• _Exercise_
Restate the entries below exactly. Images are not part of the copy.

• _Data_
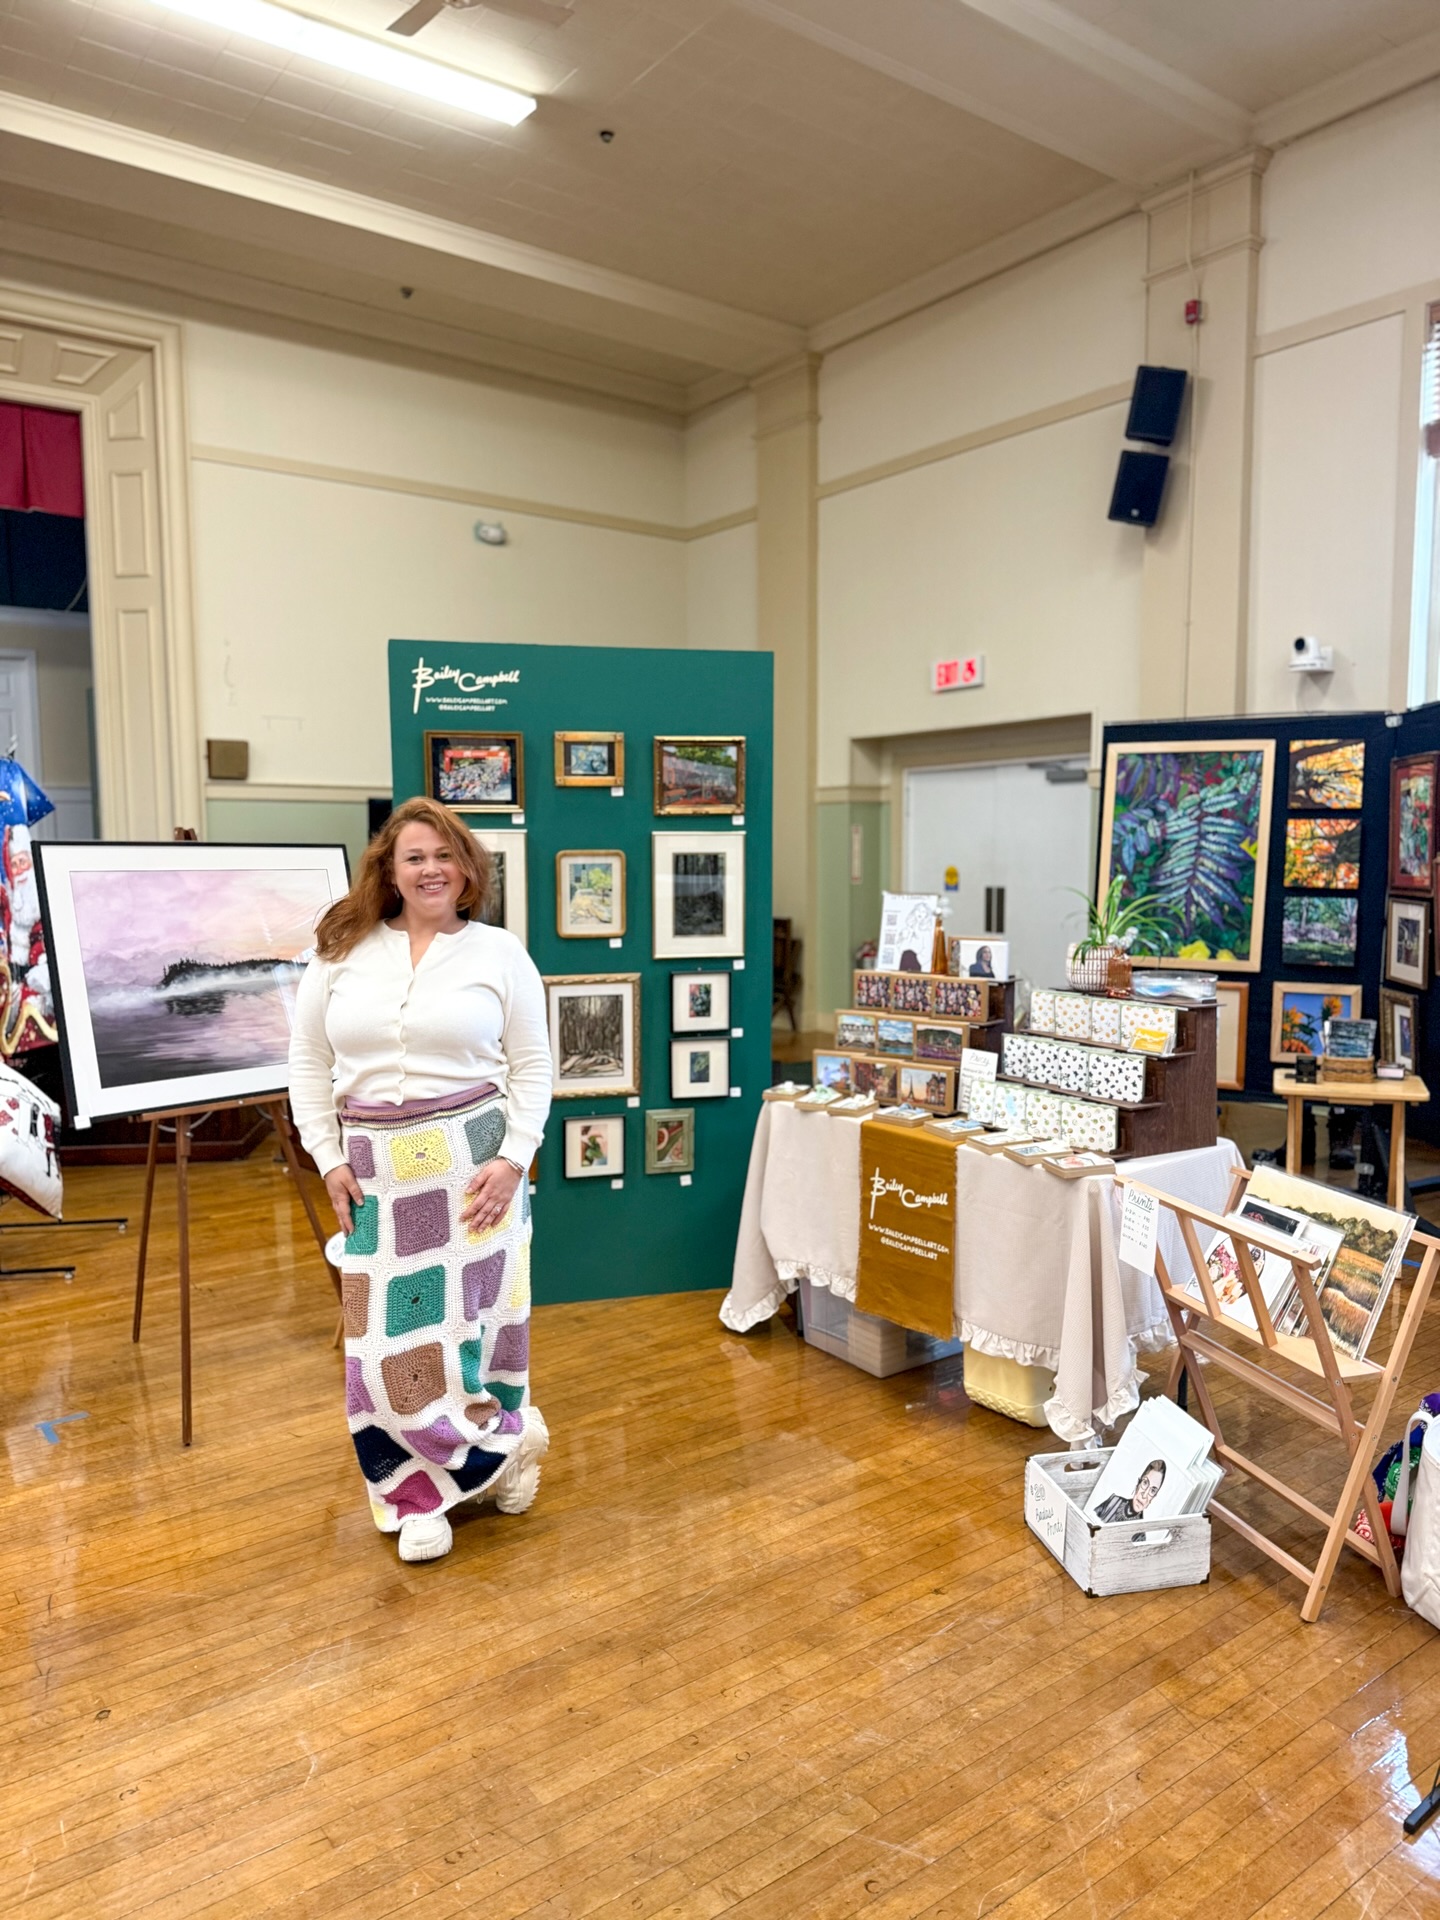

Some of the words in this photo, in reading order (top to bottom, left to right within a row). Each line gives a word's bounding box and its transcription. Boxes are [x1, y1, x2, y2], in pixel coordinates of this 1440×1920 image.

[411, 657, 460, 714] Bailey
[458, 670, 520, 692] Campbell
[870, 1167, 904, 1219] Bailey
[901, 1189, 948, 1208] Campbell

• _Solution below_
Some of the words in this photo, in reading order (top to bottom, left to right within a row). Each line gives a word's bounding box and its transcription. Boxes are [x1, y1, x2, y2], in pixel coordinates of this 1440×1920 image.

[411, 657, 460, 714] Bailey
[458, 670, 520, 692] Campbell
[870, 1167, 904, 1219] Bailey
[901, 1189, 948, 1208] Campbell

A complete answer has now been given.